--- INPUT FOR THIS TASK ---

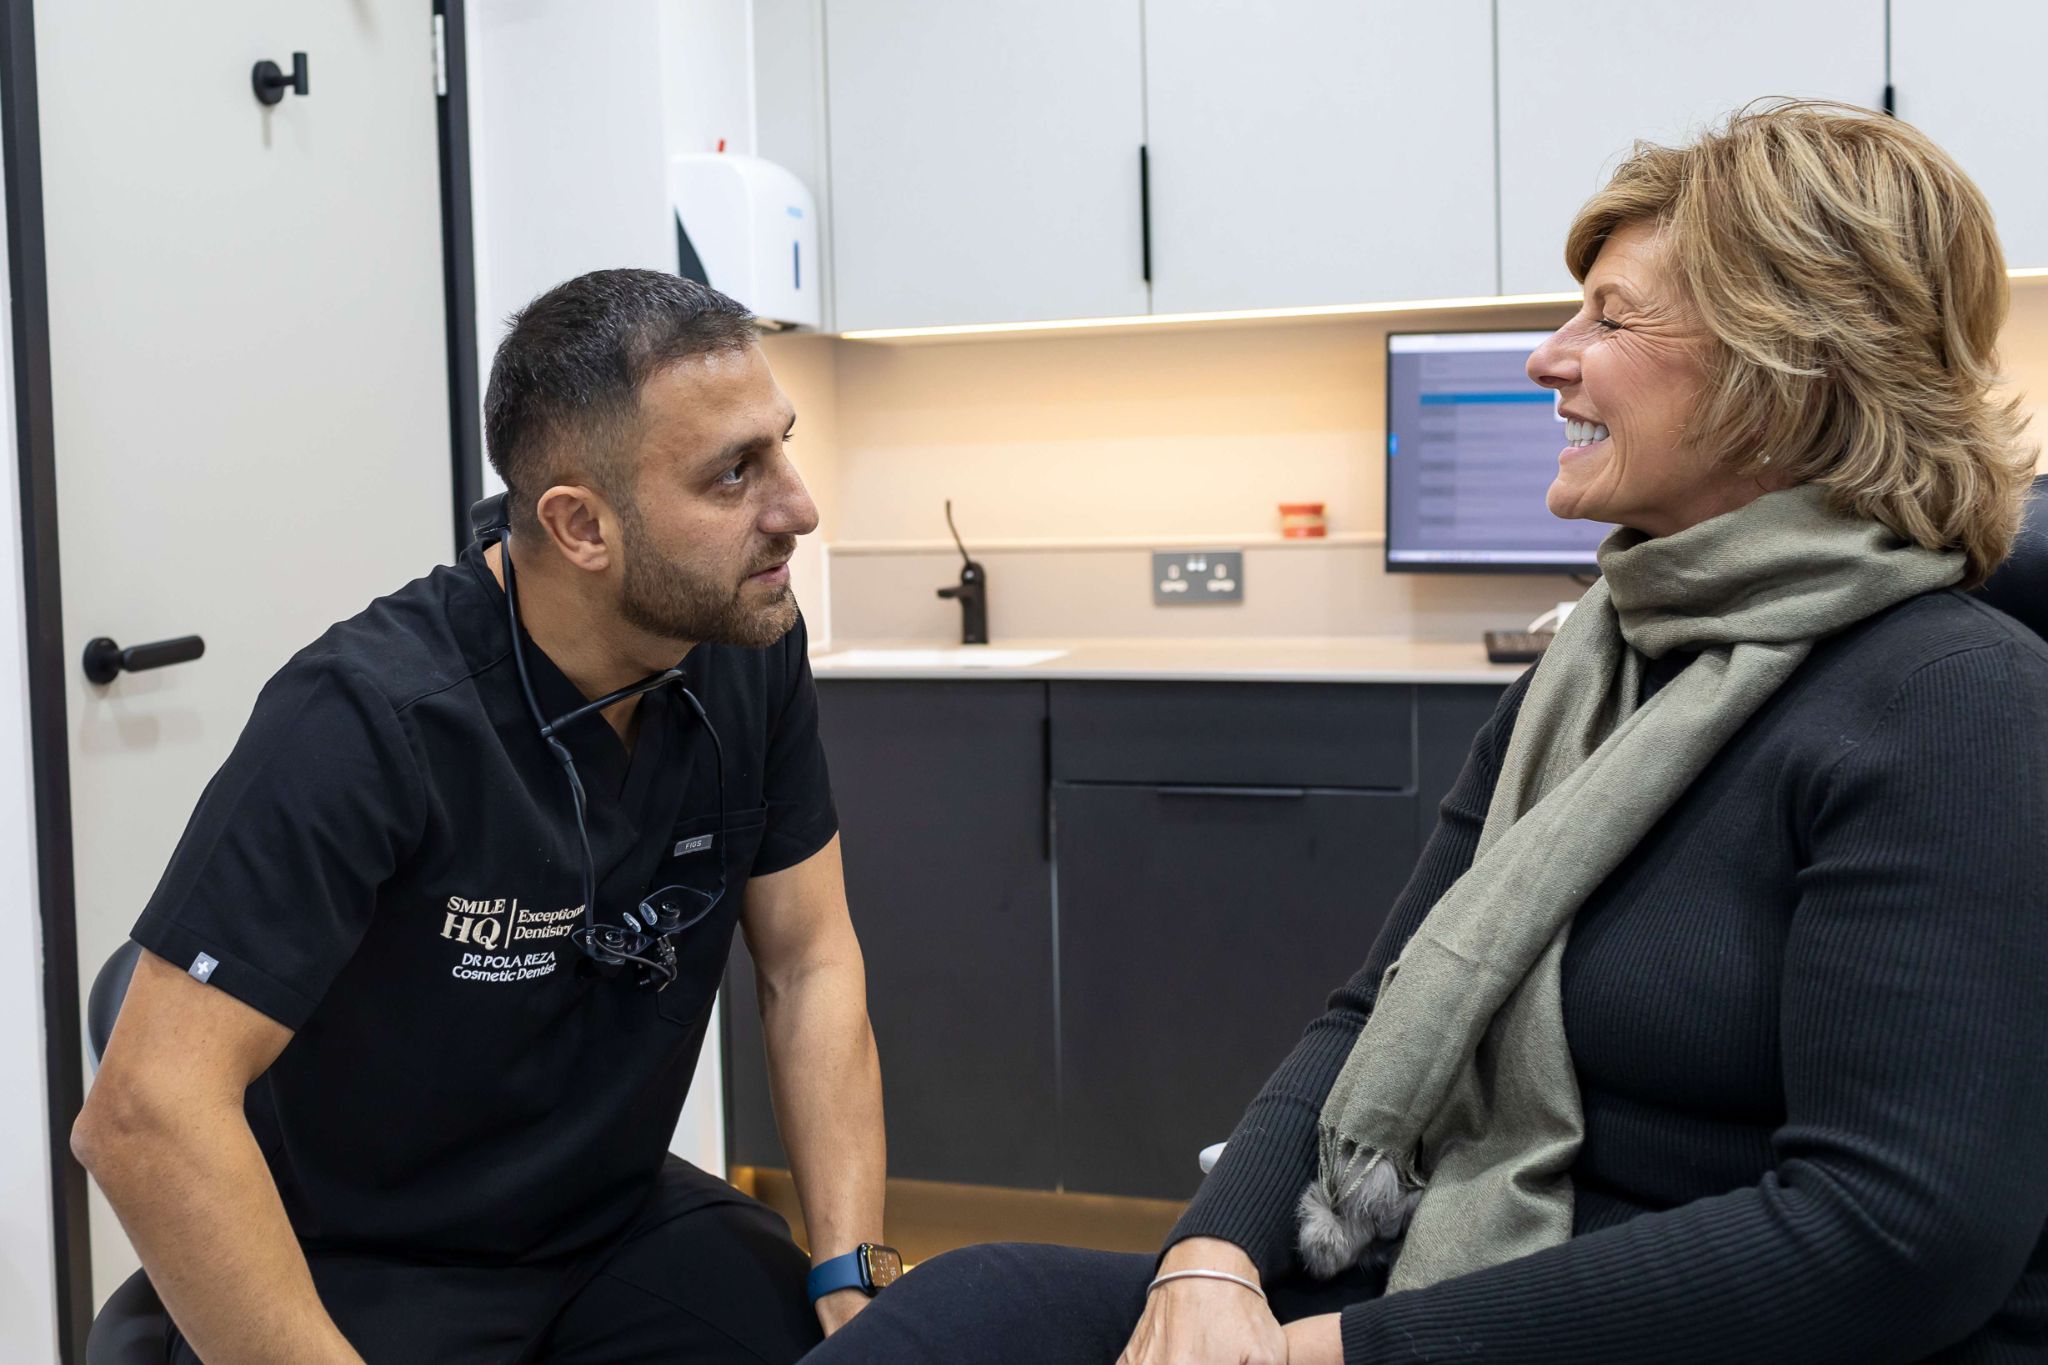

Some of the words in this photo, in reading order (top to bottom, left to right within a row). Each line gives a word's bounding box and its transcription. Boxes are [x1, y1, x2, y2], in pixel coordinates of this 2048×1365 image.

[447, 896, 506, 916] SMILE
[517, 904, 586, 924] Exceptiona
[440, 912, 501, 951] HQ
[513, 924, 574, 940] Dentistry
[462, 953, 482, 967] DR
[483, 955, 522, 969] POLA
[523, 951, 556, 966] REZA
[452, 966, 517, 983] Cosmetic
[517, 963, 557, 981] Dentist
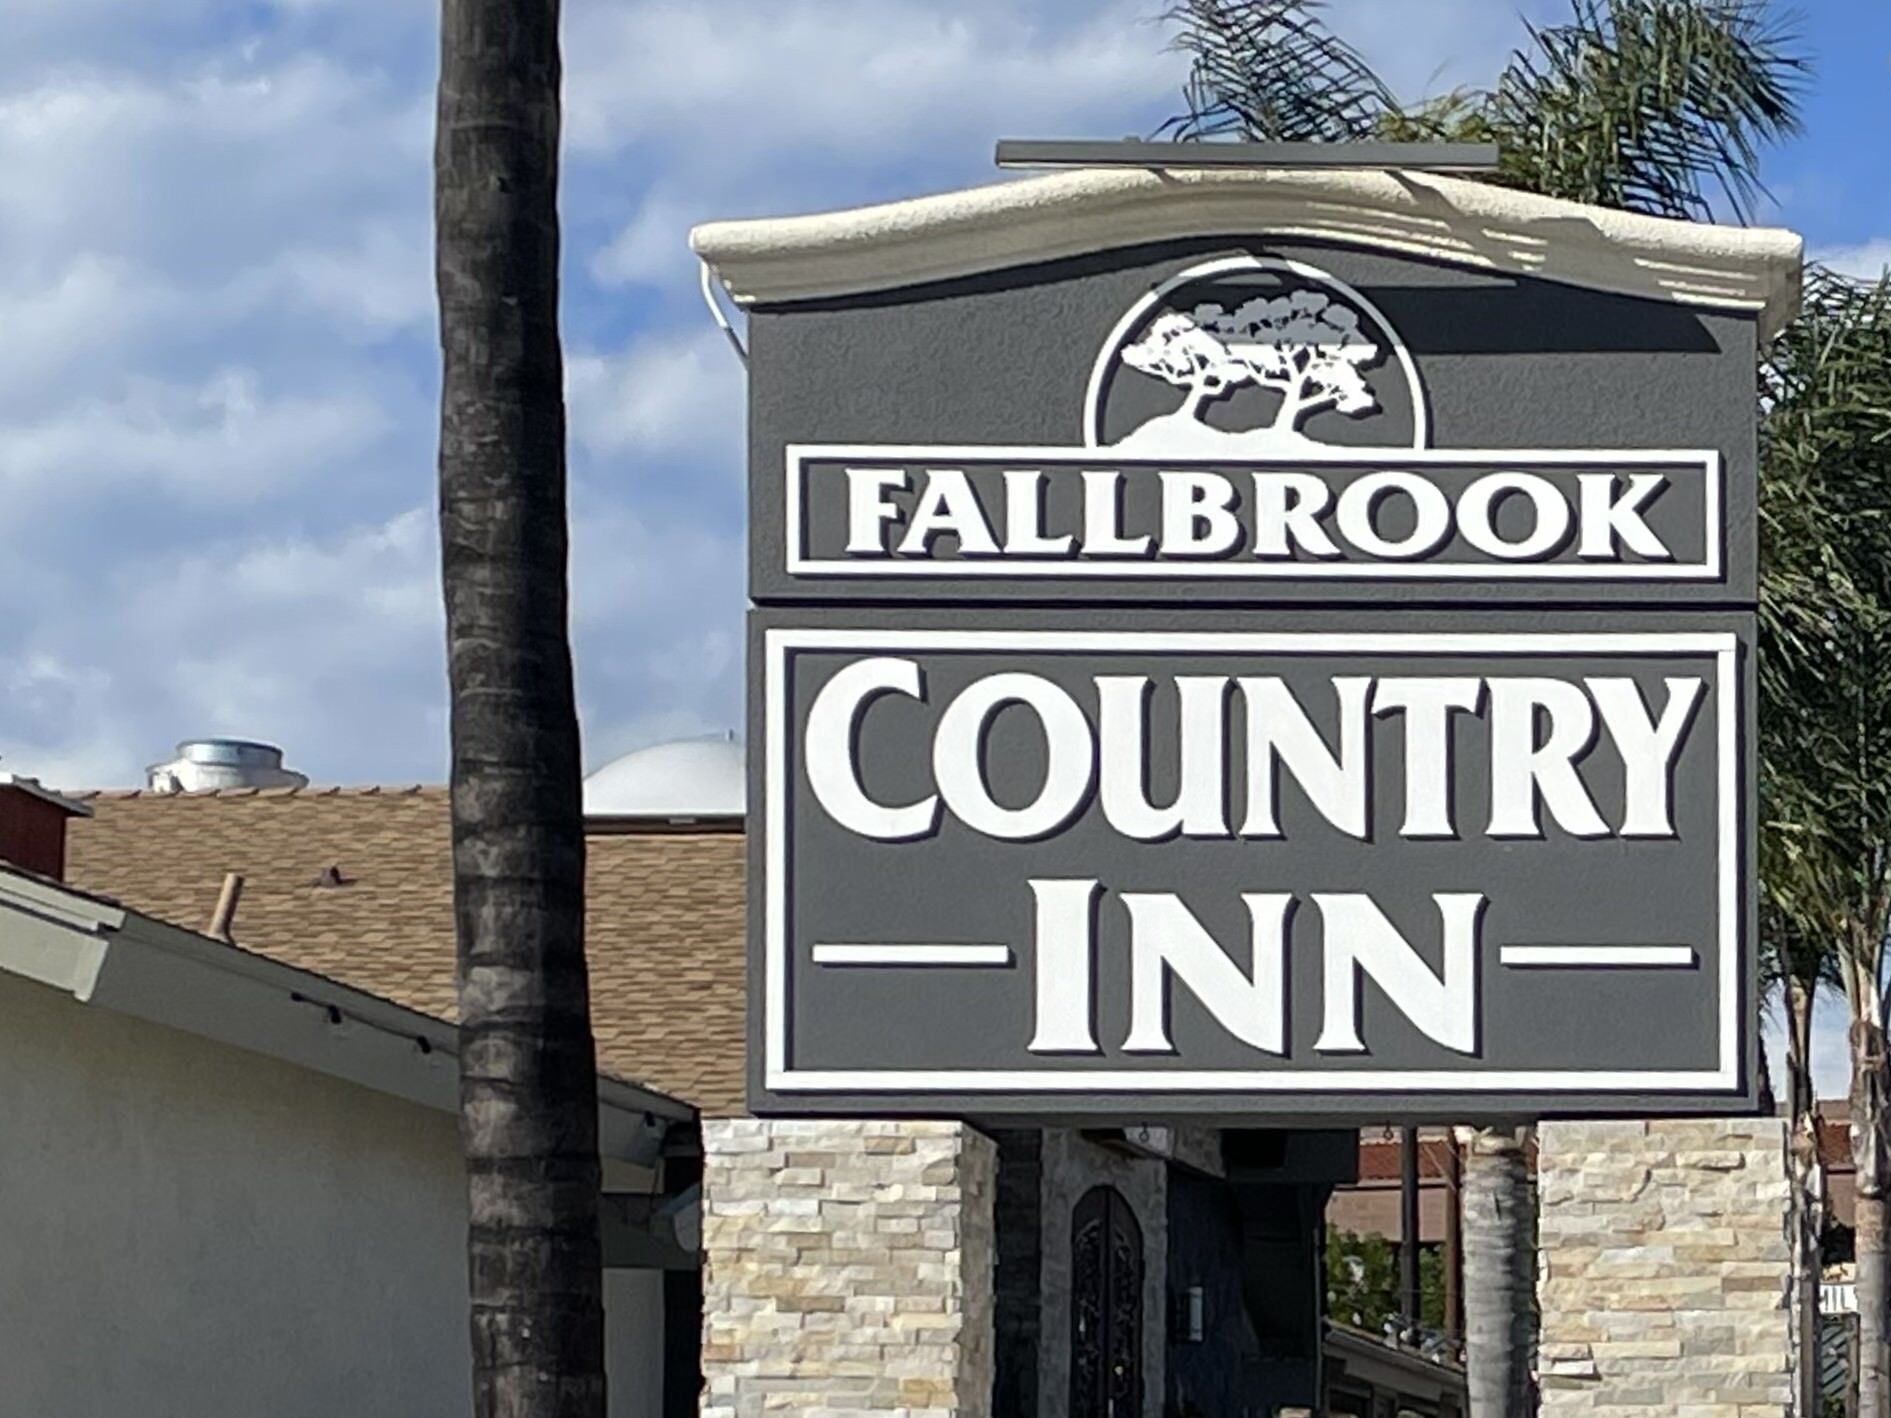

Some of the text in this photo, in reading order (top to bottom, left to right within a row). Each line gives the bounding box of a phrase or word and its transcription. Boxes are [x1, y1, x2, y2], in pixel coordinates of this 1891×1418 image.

[844, 467, 1672, 560] FALLBROOK
[804, 655, 1707, 843] COUNTRY
[1026, 877, 1489, 1058] INN
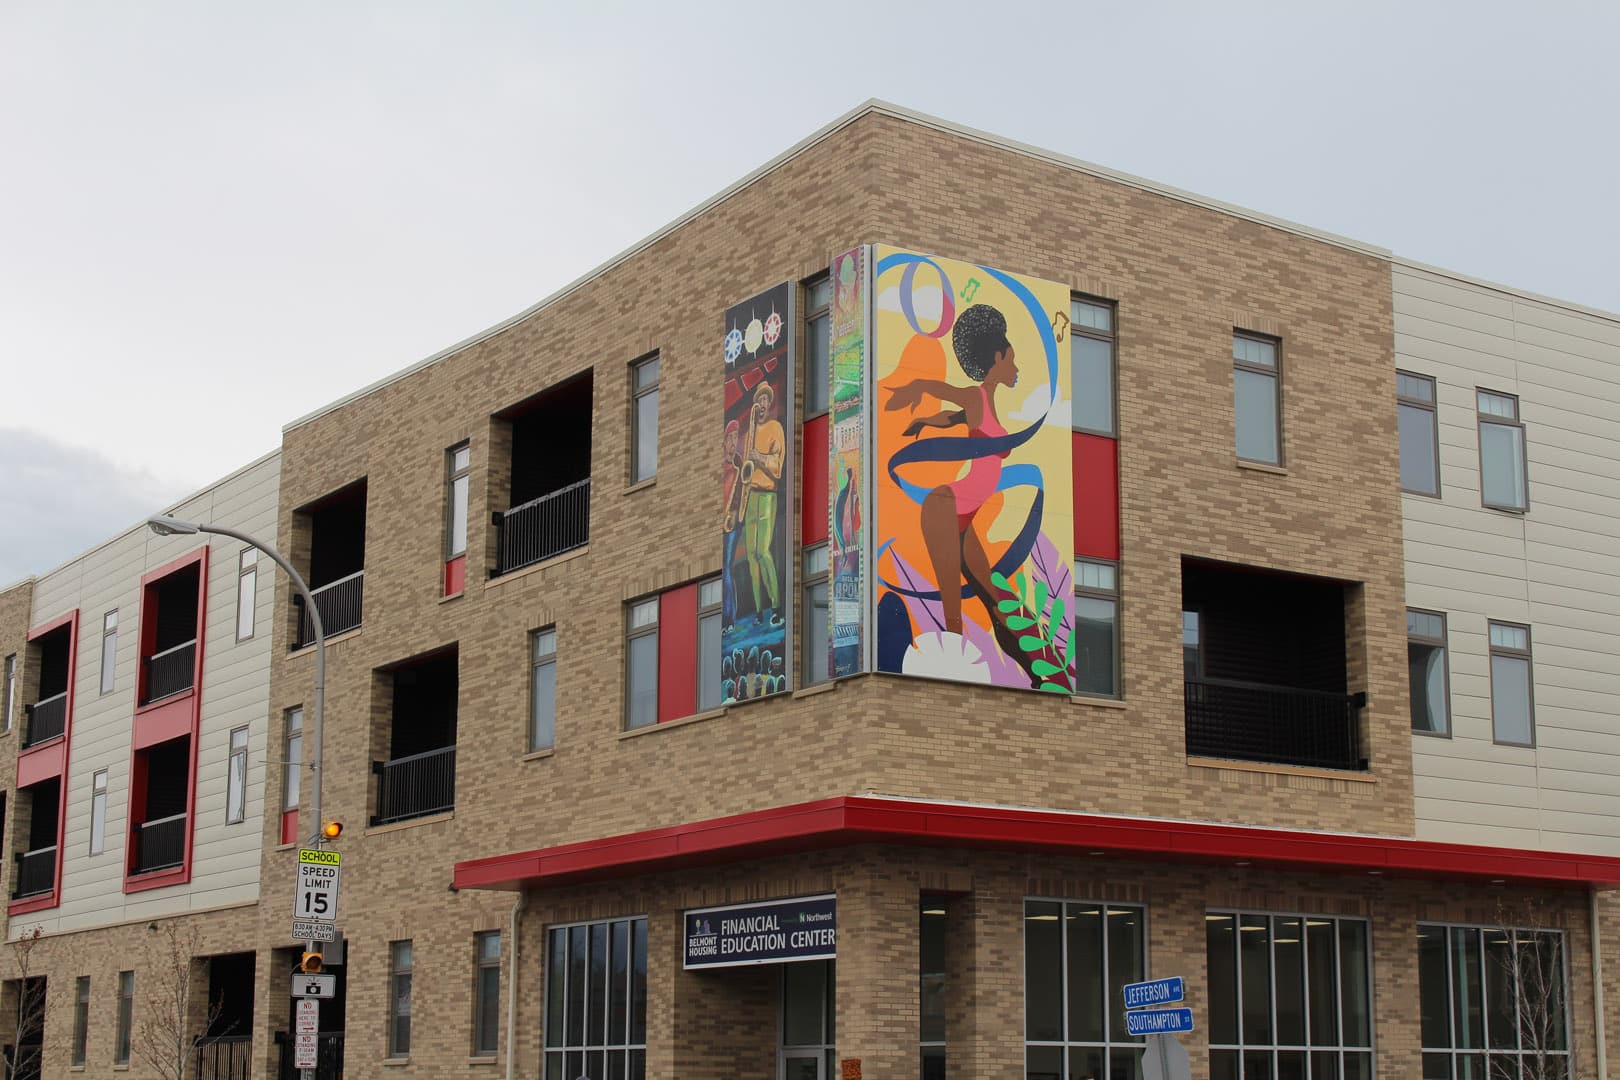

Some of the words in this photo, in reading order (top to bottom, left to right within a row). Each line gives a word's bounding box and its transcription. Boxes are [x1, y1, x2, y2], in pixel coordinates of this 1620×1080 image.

[301, 852, 338, 863] SCHOOL
[302, 866, 335, 878] SPEED
[305, 878, 332, 889] LIMIT
[305, 891, 328, 914] 15
[806, 912, 832, 922] Northwest
[721, 914, 780, 935] FINANCIAL
[294, 930, 315, 938] SCHOOL
[689, 936, 717, 947] BELMONT
[721, 933, 786, 954] EDUCATION
[790, 928, 835, 948] CENTER
[688, 945, 717, 957] HOUSING
[1127, 982, 1170, 1005] JEFFERSON
[1129, 1012, 1181, 1031] SOUTHAMPTON
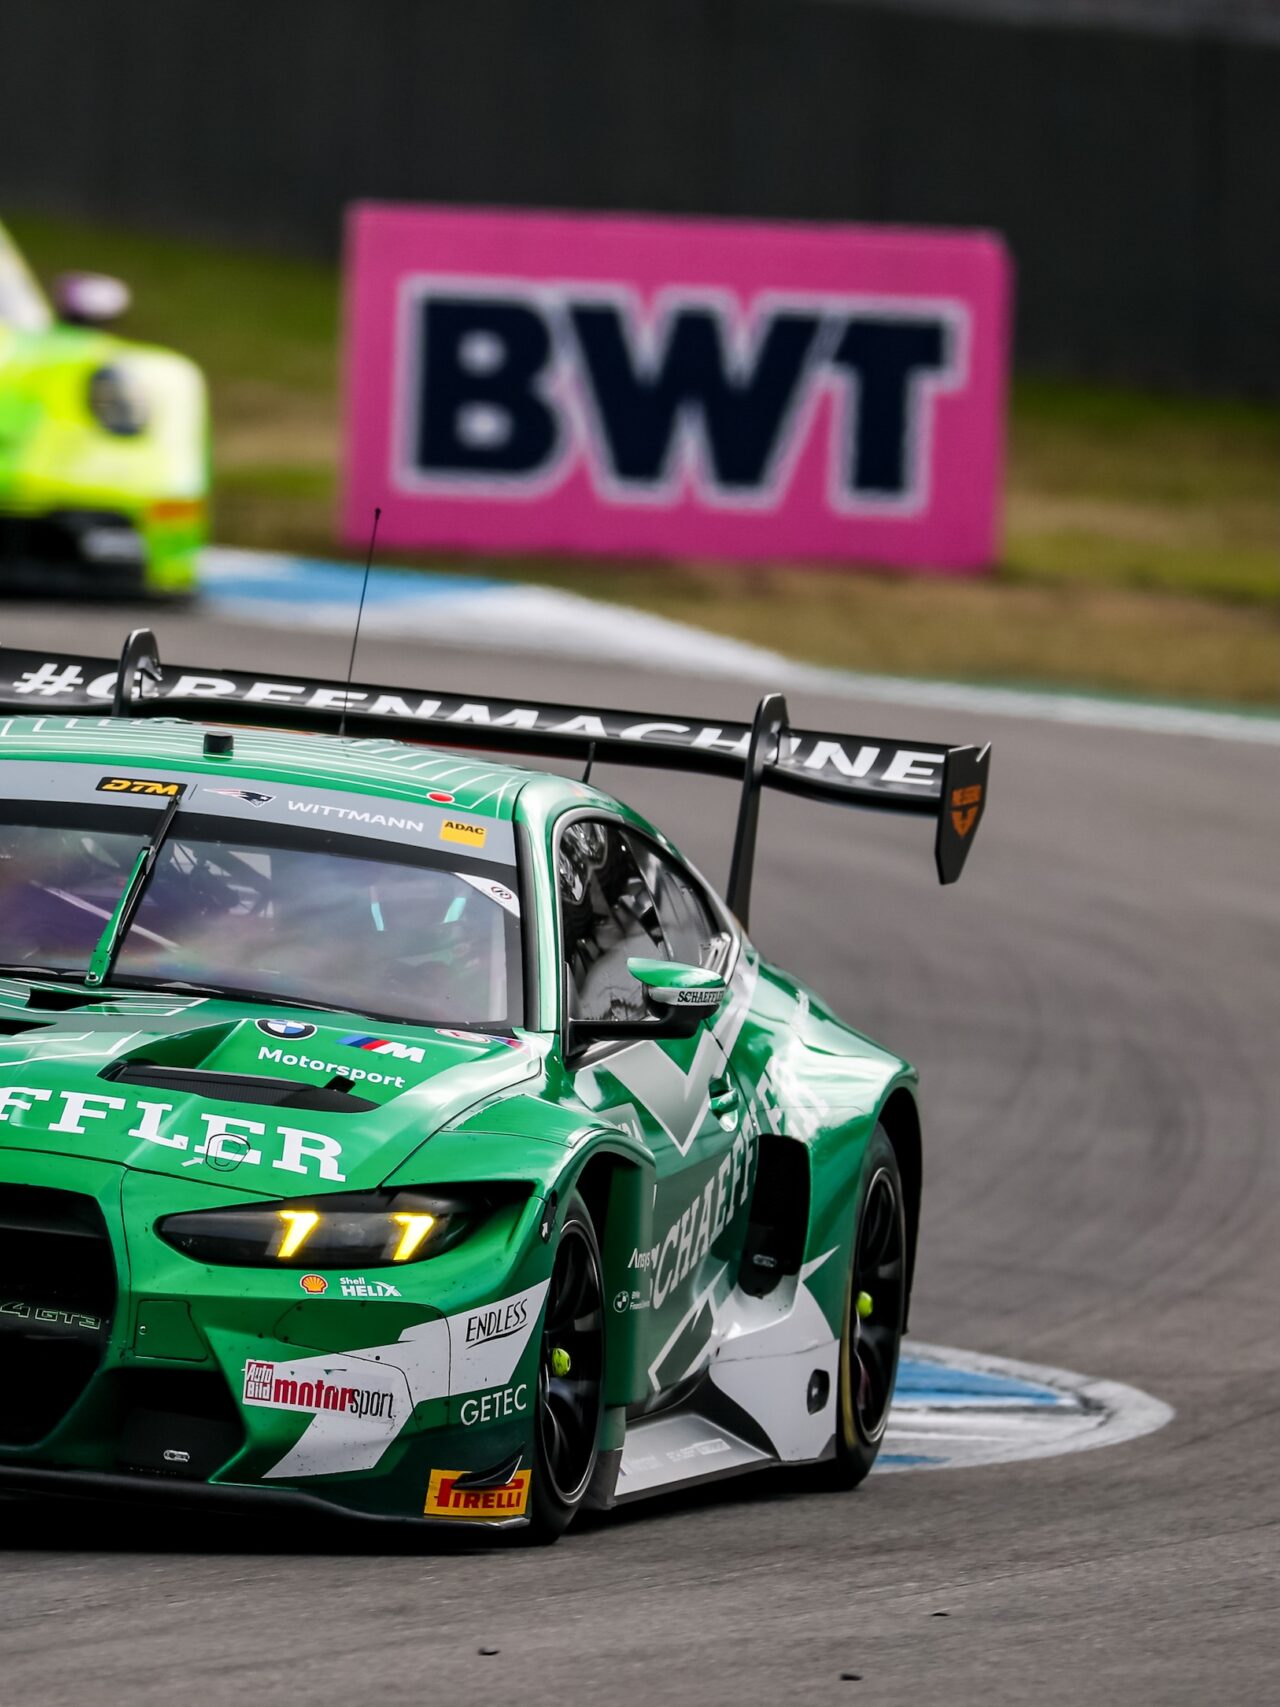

---

_WHAT IS NEEDED_:
Write out all the material verbatim, images excluded.

_ANSWER BOX_:
Some of the words in this photo, in reading order (top to bottom, left to right within a row). Each line gives a word's bounding box and its transcription. Boxes are [x1, y1, x2, y2], in pixel coordinates of this 2048×1365 image.

[447, 896, 506, 916] SMILE
[517, 904, 586, 924] Exceptiona
[440, 912, 501, 951] HQ
[513, 924, 574, 940] Dentistry
[462, 953, 482, 967] DR
[483, 955, 522, 969] POLA
[523, 951, 556, 966] REZA
[452, 966, 517, 983] Cosmetic
[517, 963, 557, 981] Dentist

Some of the text in this photo, in reading order (top to bottom, left to right within a row). Each line gives the bounding box of a phrase or word and its transcription. Boxes are [x1, y1, x2, y2], in pixel coordinates of this 1891×1418 image.

[844, 467, 1672, 560] FALLBROOK
[804, 655, 1707, 843] COUNTRY
[1026, 877, 1489, 1058] INN

Some of the words in this photo, in reading order (top to bottom, left to right within a row). Each line gives a word's bounding box and its transcription. Boxes are [x1, y1, x2, y2], in pixel coordinates of this 1620×1080 image.

[301, 852, 338, 863] SCHOOL
[302, 866, 335, 878] SPEED
[305, 878, 332, 889] LIMIT
[305, 891, 328, 914] 15
[806, 912, 832, 922] Northwest
[721, 914, 780, 935] FINANCIAL
[294, 930, 315, 938] SCHOOL
[689, 936, 717, 947] BELMONT
[721, 933, 786, 954] EDUCATION
[790, 928, 835, 948] CENTER
[688, 945, 717, 957] HOUSING
[1127, 982, 1170, 1005] JEFFERSON
[1129, 1012, 1181, 1031] SOUTHAMPTON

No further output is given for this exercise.